League of Nations Codification
Conference (top)
The intergovernmental effort to promote the codification and development
of international law made a further important advance with the resolution
of the Assembly of the League of Nations of 22 September 1924, envisaging
the creation of a standing organ called the Committee of Experts
for the Progressive Codification of International Law, which was
to be composed so as to represent “the main forms of civilization
and the principal legal systems of the world”.
[6] This Committee,
consisting of seventeen experts, was to prepare a list of subjects
“the regulation of which by international agreement” was most “desirable
and realizable” and thereafter to examine the comments of Governments
on this list and report on the questions which were “sufficiently
ripe”, as well as on the procedure to be followed in preparing for
conferences for their solution.
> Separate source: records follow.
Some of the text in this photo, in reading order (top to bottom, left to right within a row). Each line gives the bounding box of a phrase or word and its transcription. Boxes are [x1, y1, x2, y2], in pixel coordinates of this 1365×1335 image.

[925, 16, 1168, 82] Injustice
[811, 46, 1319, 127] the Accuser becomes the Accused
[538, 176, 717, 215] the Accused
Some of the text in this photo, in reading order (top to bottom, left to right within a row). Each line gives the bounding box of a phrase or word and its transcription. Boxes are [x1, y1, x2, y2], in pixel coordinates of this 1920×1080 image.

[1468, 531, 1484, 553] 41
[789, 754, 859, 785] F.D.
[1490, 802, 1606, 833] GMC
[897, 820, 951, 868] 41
This was the first attempt on a
worldwide basis to codify and develop whole fields of international
law rather than simply regulating individual and specific legal
problems.
After certain
consultations with Governments and the League Council, the Assembly
decided, in 1927, to convene a diplomatic conference to codify three
topics out of the five that had been considered to be “ripe for
international agreement” by the Committee of Experts, namely: (1)
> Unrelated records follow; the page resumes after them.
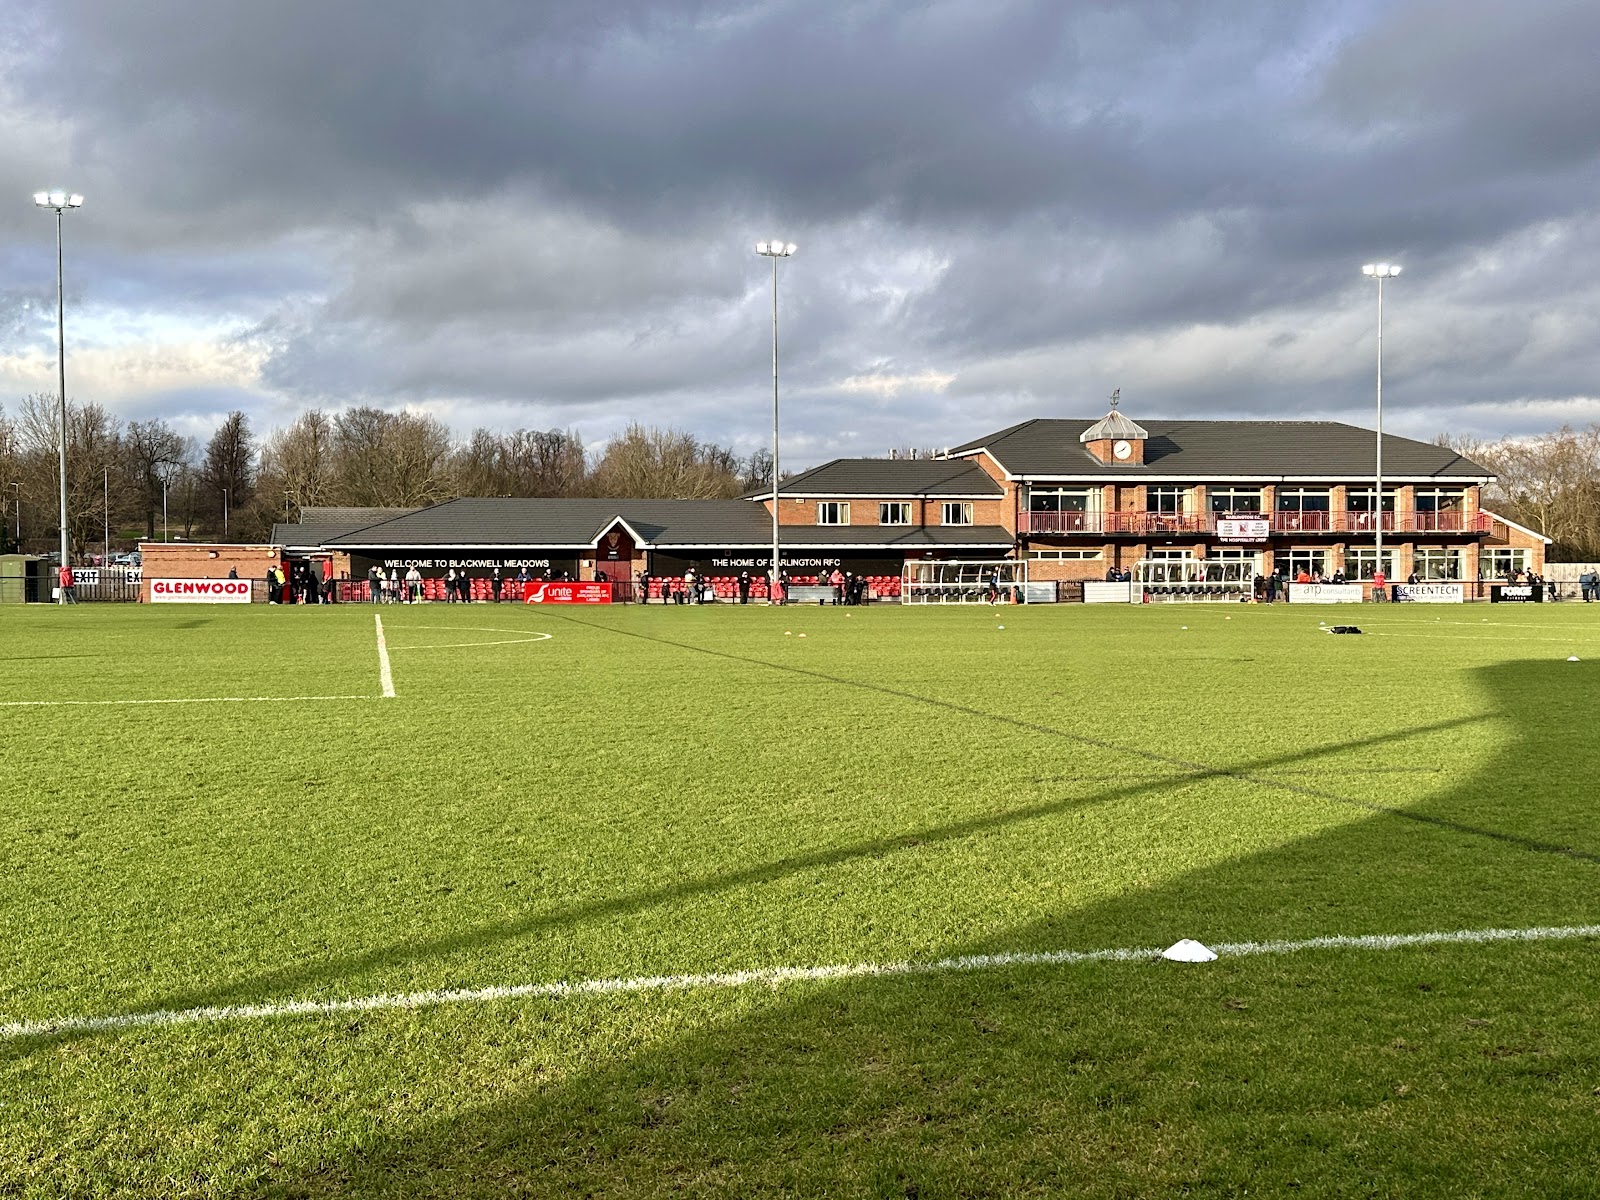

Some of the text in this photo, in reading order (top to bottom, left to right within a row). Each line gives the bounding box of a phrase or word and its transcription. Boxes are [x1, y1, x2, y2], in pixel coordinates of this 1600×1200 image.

[384, 560, 550, 568] WELCOME TO BLACKWELL MEADOWS
[74, 572, 97, 582] EXIT
[127, 572, 142, 582] EX
[154, 582, 248, 594] GLENWOOD
[548, 587, 572, 596] unite
[1396, 586, 1458, 595] SCREENTECH
[1500, 586, 1532, 596] FORGE
nationality, (2) territorial waters and (3) the responsibility of
States for damage done in their territory to the person or property
of foreigners.
[7] The preparation
of the conference was entrusted to a Preparatory Committee of five
persons which was to draw up reports showing points of agreement
or divergency which might serve as “bases of discussion”, but not
to draw up draft conventions as had been proposed by the Committee
of Experts.
Delegates from
forty-seven Governments participated in the Codification Conference
which met at The Hague
from 13 March to 12 April 1930; but the only international instruments
which resulted from its work were on the topic of nationality.
[8] The Conference
was unable to adopt any conventions on the topics of territorial
water or State responsibility. Although the Conference provisionally
approved certain draft articles on territorial waters which later
exerted influence to the extent that Governments accepted them as
a statement of existing international law, it failed to adopt even
a single recommendation on the subject of State responsibility.
No further
experiment in codification was made by the League
of Nations after 1930. But on 25 September 1931, the
League Assembly adopted an important resolution on the procedure
of codification, the main theme of which was the strengthening of
the influence of Governments at every stage of the codification
process.
[9] This underlying
theme was subsequently incorporated in the Statute of the International
Law Commission of the United Nations, together with certain other
recommendations stated in the resolution, such as the preparation
of draft conventions by an expert committee, and the close collaboration
of international and national scientific institutes.
3.
Drafting and implementation of Article 13, paragraph 1, of the Charter
of the United Nations (top)
The Governments participating in the drafting of the Charter of the
United Nations were overwhelmingly opposed to conferring on the
United Nations legislative power to enact binding rules of international
law. As a corollary, they also rejected proposals to confer on the
General Assembly the power to impose certain general conventions
on States by some form of majority vote. There was, however, strong
support for conferring on the General Assembly the more limited
powers of study and recommendation, which led to the adoption of
the following provision in Article 13, paragraph 1: [10]
“1. The General Assembly shall initiate studies and make
recommendations for the purpose of:
“a. … encouraging the progressive development of international
law and its codification.”
During the
second part of its first session, the General Assembly, on 11 December
1946, adopted resolution 94 (I) E,
F,
S,
R,
C)
establishing the Committee on the Progressive Development of International
Law and its Codification, sometimes known as the “Committee of Seventeen”.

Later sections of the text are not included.